You are responsible for the cost of any services (such as Cloud Storage, Dataflow, BigQuery, Cloud Key Management Service, etc.) called by the RLHF pipeline on Vertex AI. More here.
We did enable the BigQuery API and the BigQuery User role for the project’s service account, as suggested by DeepLearning.AI’s course. However, BigQuery services were not used for this work.
We recommend using the free trial to use free credits made available to new GCP users (unless you are willing to pay).
Monitor costs accrued under your Cloud Billing account at all times, set budgets and budget alerts.
Learn about the pricing of Vertex AI, Vertex AI Pipelines, Cloud Storage, and use the pricing calculator to generate a cost estimate based on your projected usage.
To prevent the accrual of charges, ensure that you delete all of the resources, such as the Vertex AI Pipeline job, Vertex AI endpoint and model, Cloud Storage bucket, and the RLHF pipeline’s YAML file. Alternatively, you can delete your GCP project and / or disable billing. For cleaning up resources programmatically, see the Colab notebooks [1 and 2] recommended by the GCP team.

Next Steps

Here are some of the things to try and improve the performance of the RLHF-tuned base model.

Epochs: Run the Vertex AI Pipeline job for the recommended optimal number of epochs for reward model and RL training. Adjust the number of epochs based on the plots for the rank loss, KL loss, and reward. Stop further training once the metrics converge and performance begins to plateau or stabilize.
RLHF Pipeline Parameter Values: Use the optimal parameter values (see section “Thoughts”) for reward_model_train_steps and reinforcement_learning_train_steps. However, since the prompt dataset differs from that of DeepLearning.AI’s course on RLHF, we recommend experimenting with different sets of values for the configurable parameters in parameter_values that are required to run the Vertex AI Pipeline job for RLHF tuning LLMs. This will help you find the optimal parameter values for RLHF tuning the base model.
Instructions: Try other prompts / instructions for the base model, i.e., values for the parameter instruction in parameter_values. You can use different instructions, but ensure the same instruction is included in the prompt when collecting your preference dataset, so responses and human preferences align with it.
Models: Try other models for the base LLM. Refer to GCP’s documentation on how to proceed.
Data: Experiment with other datasets. You can also try subsets of the datasets used in this tutorial or other smaller datasets and run the Vertex AI Pipeline job for the optimal number of epochs for reward model and RL training. Unlike larger dataset sizes, like the ones used in this tutorial, which result in the Vertex AI Pipeline job taking a longer time to RLHF-tune LLMs, smaller datasets would be more time- and cost-efficient. You could also consider experimenting with the recommended size for the preference dataset.
Resources: See the guides in the subsection “Resources” for a more comprehensive understanding about RLHF tuning LLMs using Vertex AI.

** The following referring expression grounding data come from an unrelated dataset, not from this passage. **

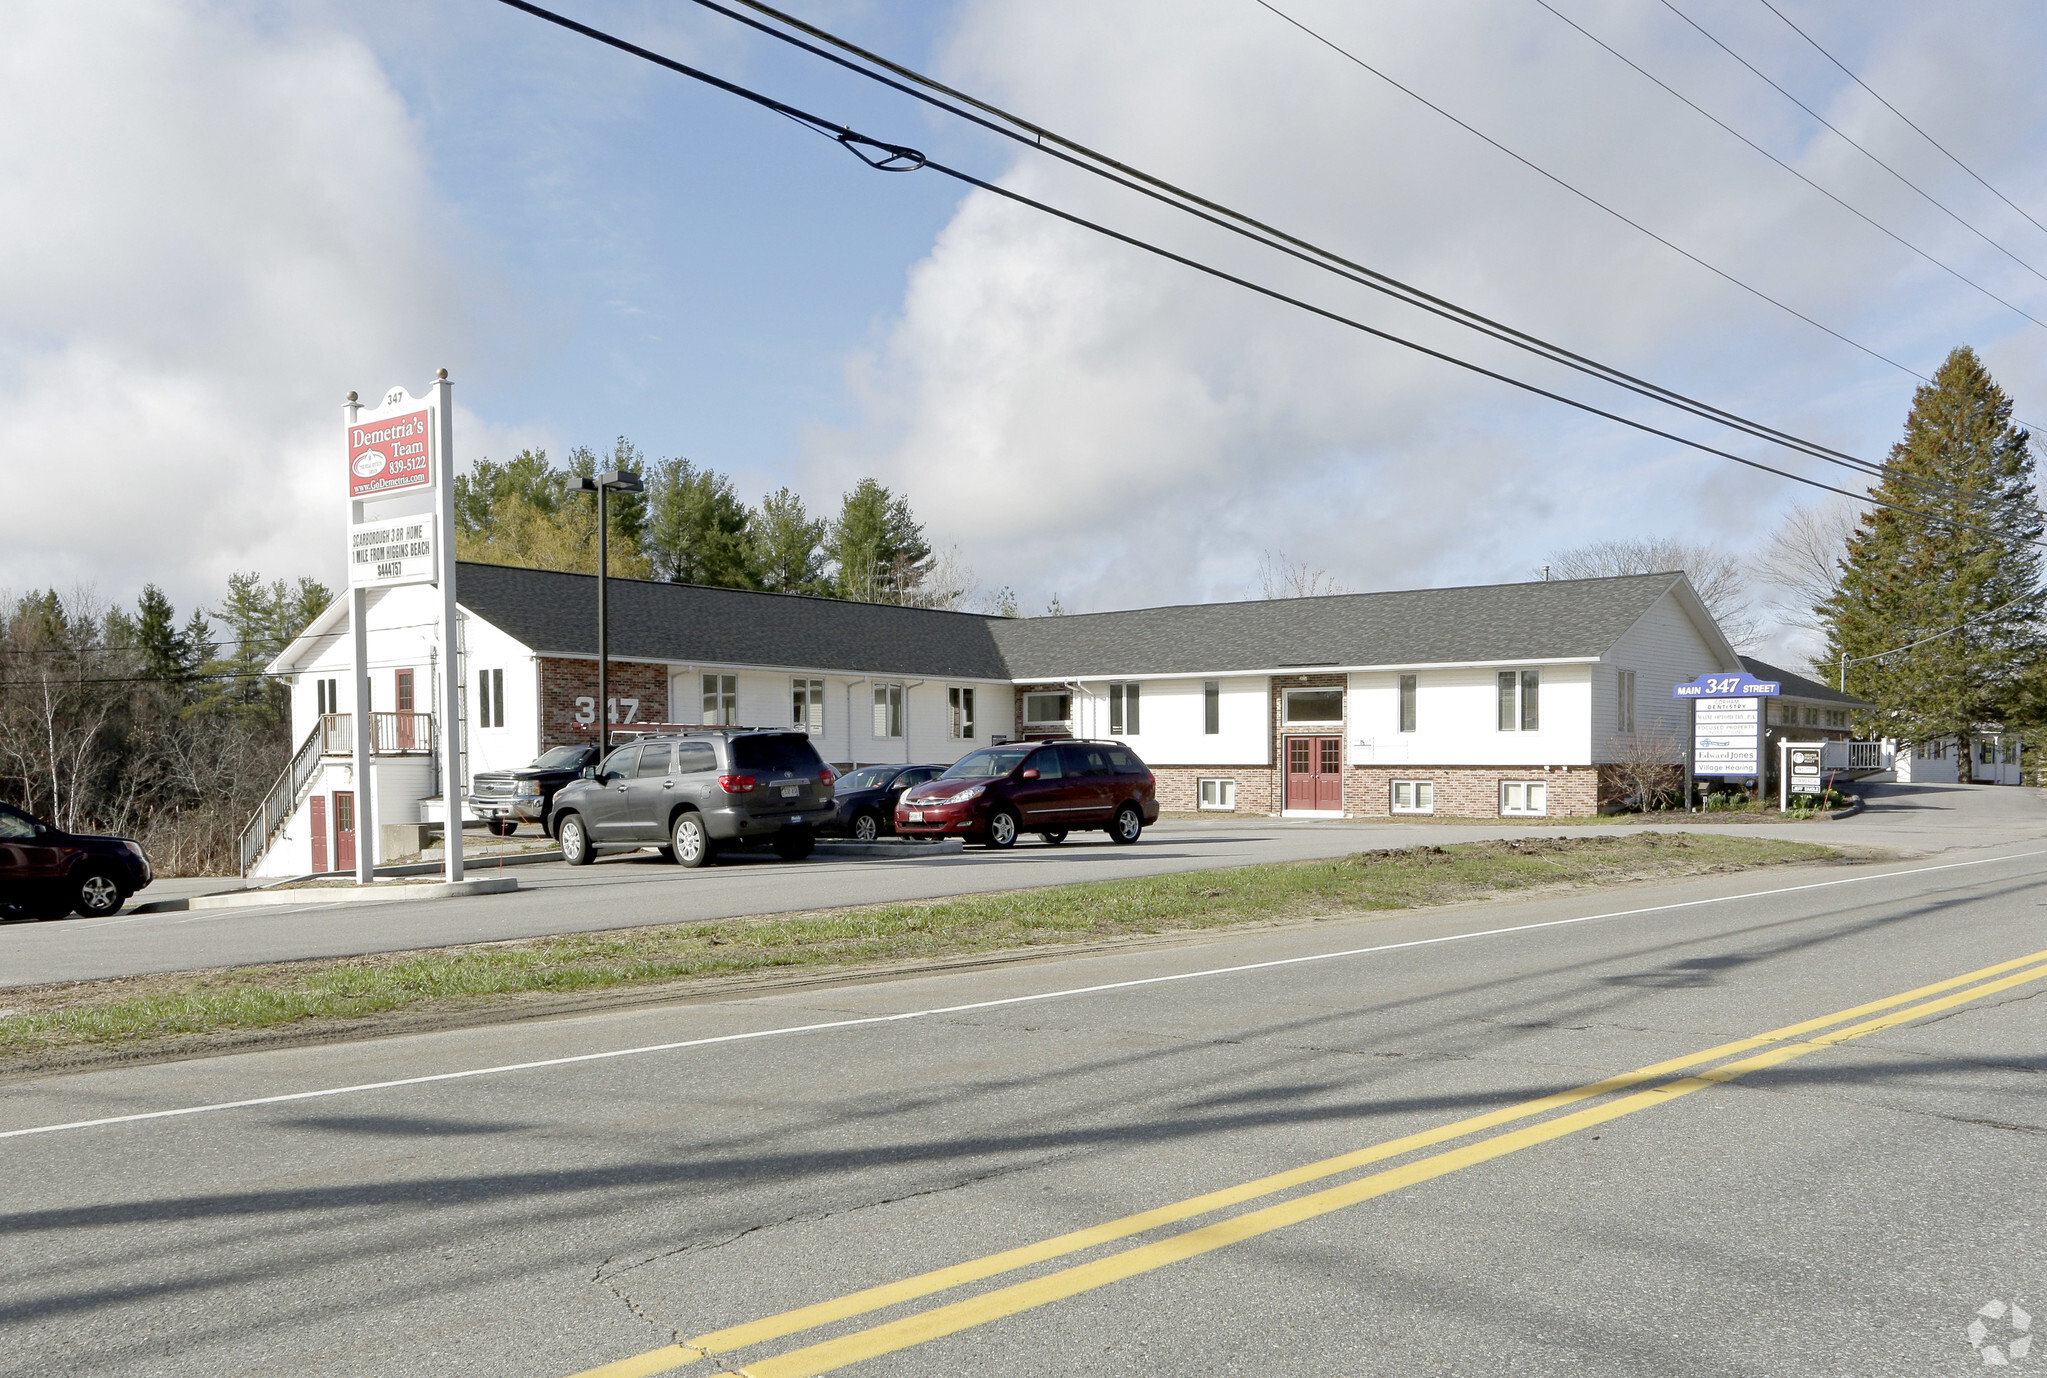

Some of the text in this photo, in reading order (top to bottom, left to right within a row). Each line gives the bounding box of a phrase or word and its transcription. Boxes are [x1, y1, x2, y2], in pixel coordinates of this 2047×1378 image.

[387, 391, 403, 406] 347
[352, 416, 424, 448] Demetria's
[391, 441, 424, 458] Team
[389, 455, 427, 475] 839-5122
[353, 473, 425, 493] www.GoDemetria.com
[352, 525, 422, 548] SCARBOROUGH 3 BR HOME
[356, 549, 369, 563] MILE
[370, 546, 385, 562] FROM
[386, 543, 409, 560] HIGGINS
[410, 541, 430, 557] BEACH
[1677, 678, 1776, 695] MAIN 347 STREET
[1699, 763, 1754, 773] Village Hearing
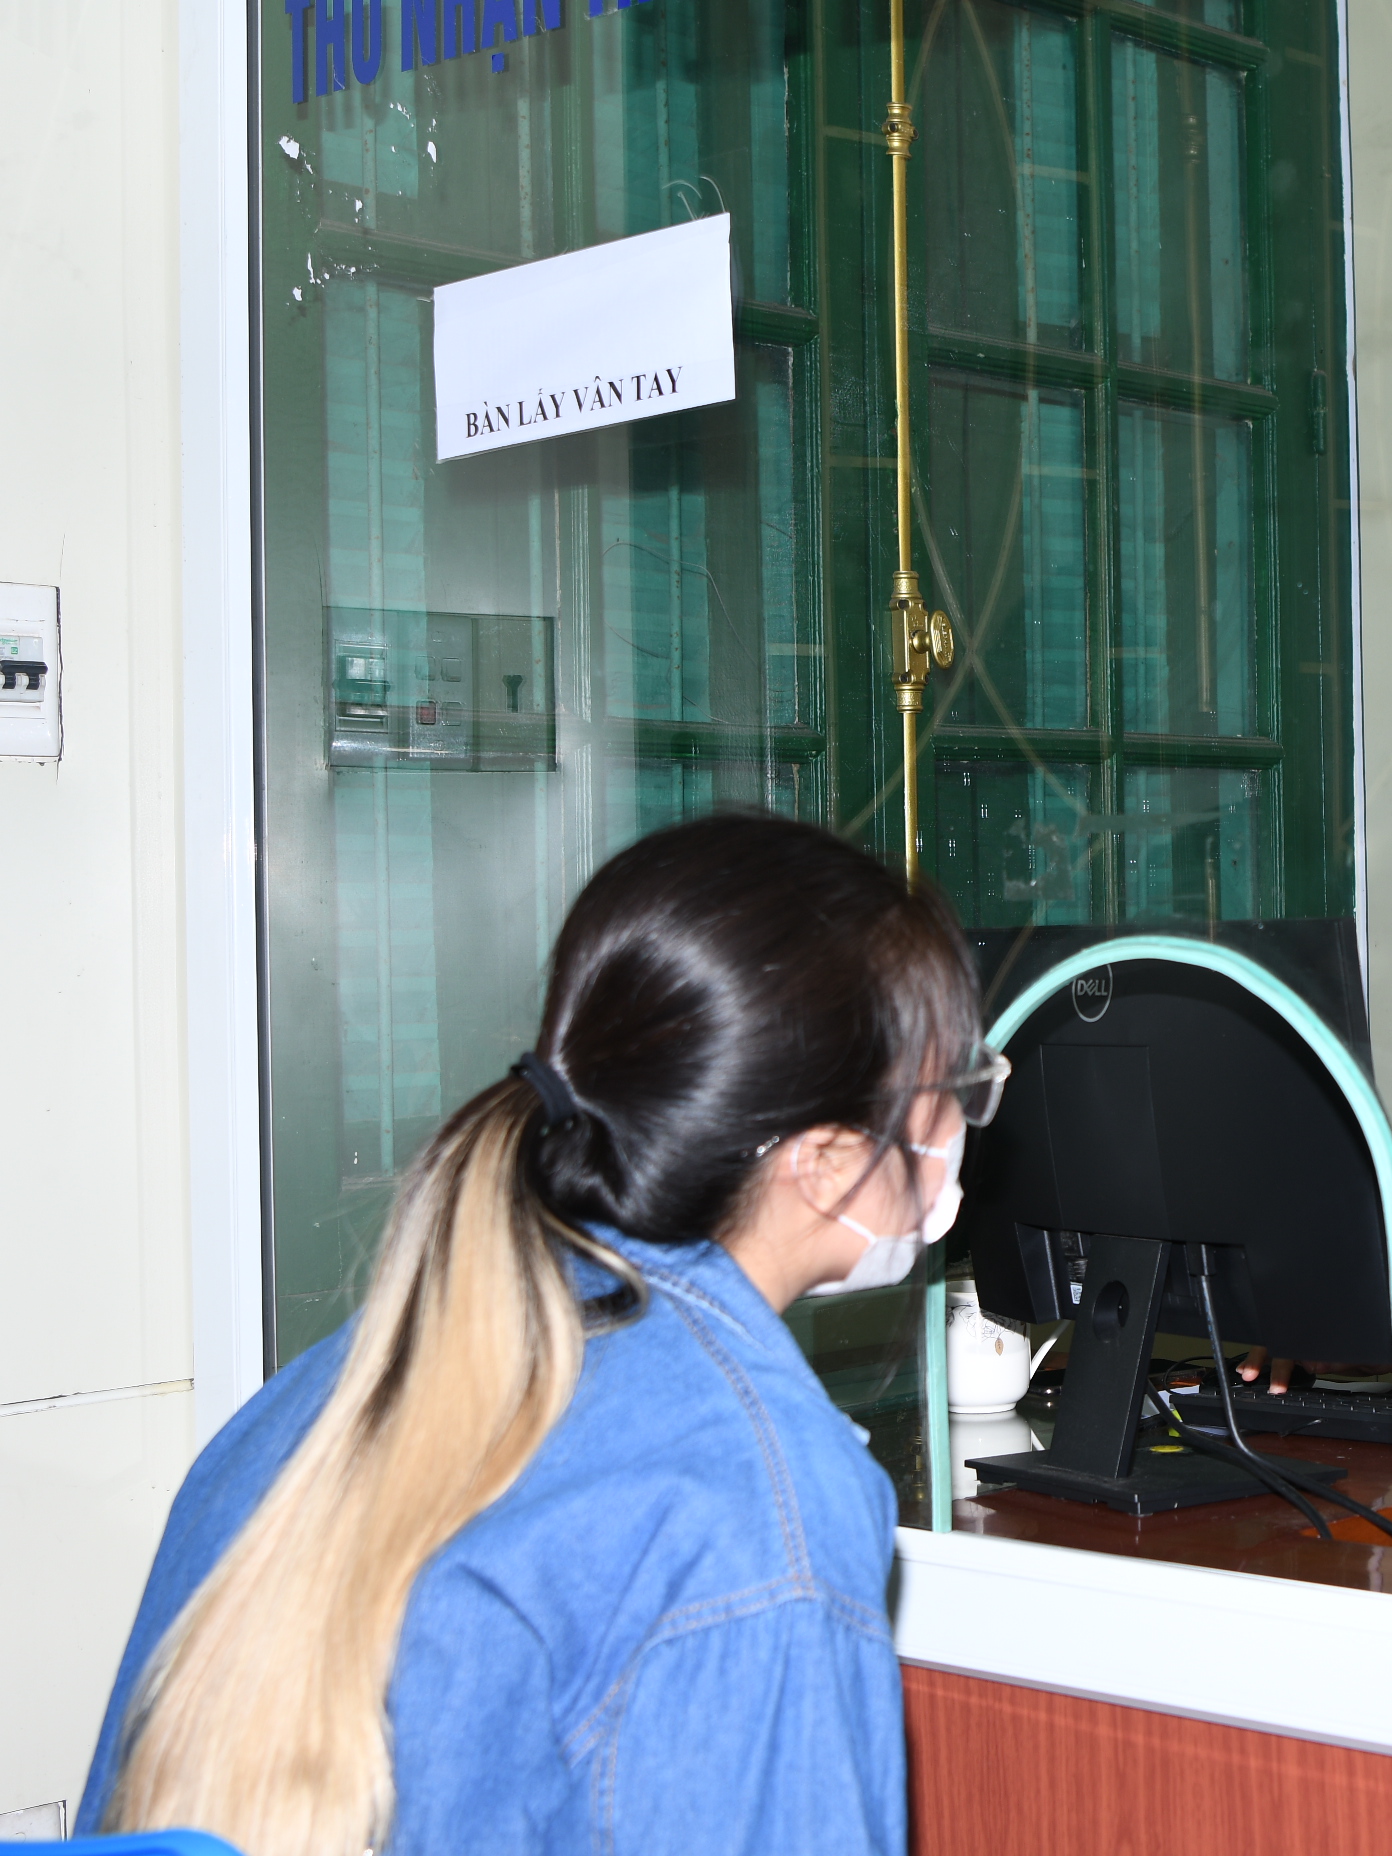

Here is the link to the GitHub repo for this work.

Thank you for reading through! I genuinely hope you found the content useful. Feel free to reach out to us at ankanatwork@gmail.com and share your feedback and thoughts to help us make it better for you next time.

Acronyms used in the blog that have not been defined earlier: (a) Machine Learning (ML), (b) Artificial Intelligence (AI), (c) Billion (B), (d) JavaScript Object Notation (JSON), (e) Identity (ID), (f) Identity and Access Management (IAM), (g) United States (US), (h) European Union (EU), (i) Not a Number (NaN), (j) eval (evaluation), (k) American Standard Code for Information Interchange (ASCII), (l) YAML Ain’t Markup Language (YAML), (m) Graphics Processing Unit (GPU), and (n) Tensor Processing Unit (TPU).